The problem with this is that it makes client and server tightly coupled.One cannot update the client app without touching the server code.

I understand that's a tradeoff but I think a restful architecture serving only json/xml data is better. And you dont have to duplicate logic that much.If any validation needs to happen clientside,create some validation resource for each model and do it entirely serverside for instance. Even SPAs dont need fat clientside models or a complex service layer on the client.




I don't know that what you've identified there is actually a problem in practice – I'd wager that in a system like Shopify's admin, the client and server are inherently coupled regardless of what architecture you choose. Trying to abstract to a client-side app and JSON API in these situations often results in more complexity for few benefits.


This. We ended up creating models for the exact same stuff in both Ruby and JS. Lots of code duplication, and losing client-side performance due to deserializing JSON all the time.
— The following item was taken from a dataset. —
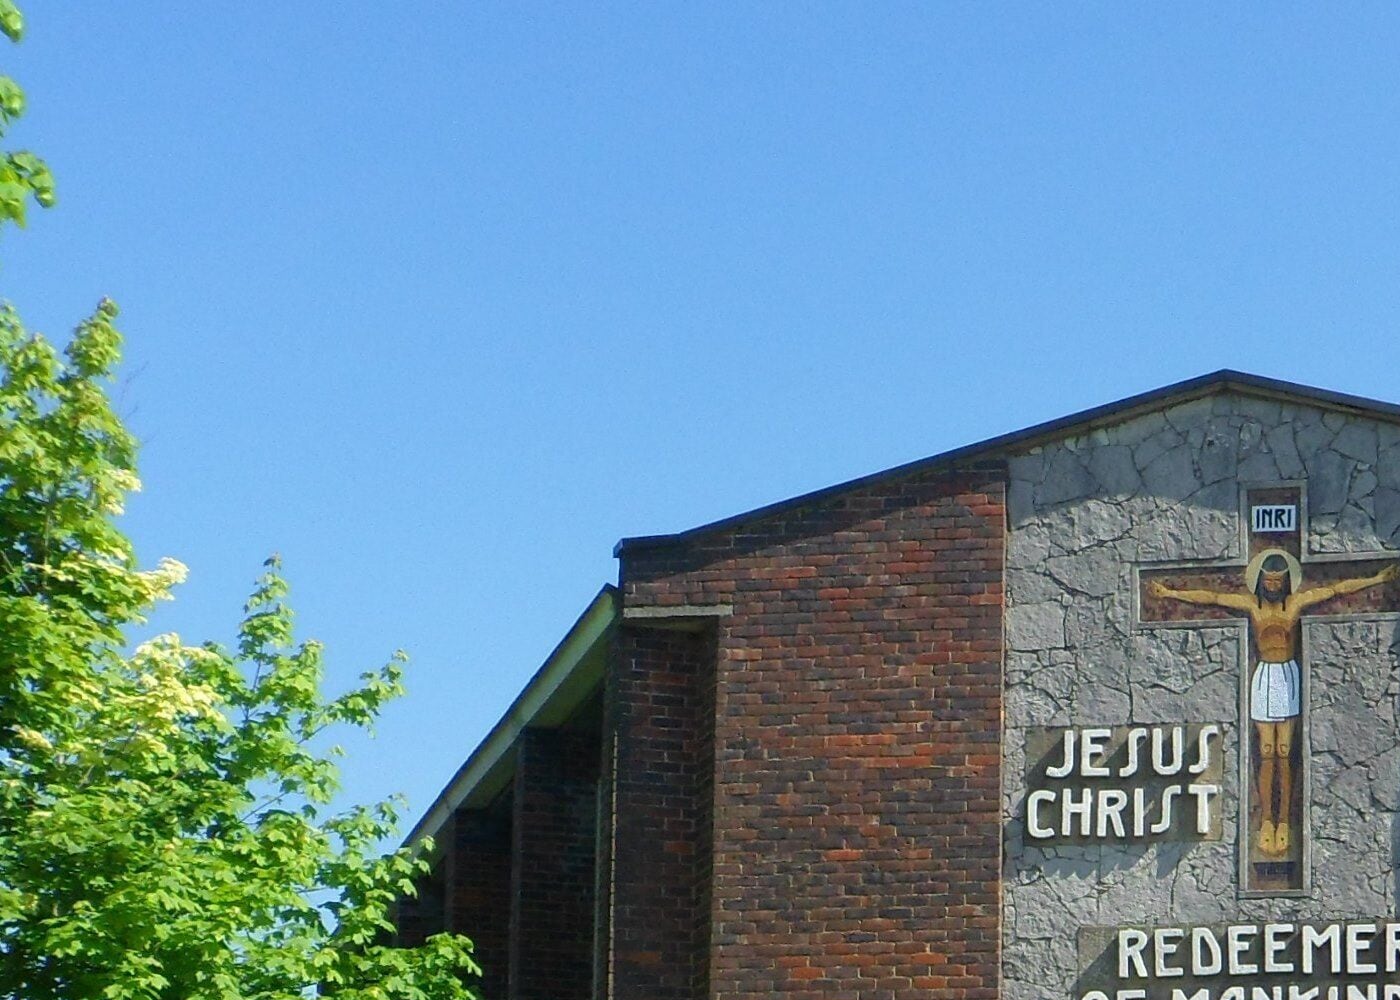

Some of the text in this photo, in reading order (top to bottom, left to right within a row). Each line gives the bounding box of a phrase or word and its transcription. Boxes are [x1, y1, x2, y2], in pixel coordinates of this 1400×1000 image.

[1256, 508, 1292, 529] INRI
[1045, 724, 1219, 777] JESUS
[1026, 783, 1219, 838] CHRIST
If you have multiple front ends on top of a shared backend, like a desktop and mobile UI, as well as a bunch of third party integrations, then it makes a lot of sense to build the API first. The thing is that it requires three different use cases before you can make an API generic enough to cover the majority of the needs, and that makes it difficult to build the API first and UI later. I believe in the approach, but it's not the right way to go for everybody.


I guess the key bit of the article is:

"These frameworks work well for highly interactive apps with complex user interface requirements. We only needed a small piece of what a full framework would offer."

As you say its a tradeoff...


But one of the nice things with Angular is that for small things you can get away with almost no code at all, small controllers that isn't really depending on each other for example. It is when you start on a larger system you have to think about splitting your app into services, controllers and templates/views and sending information between all those things.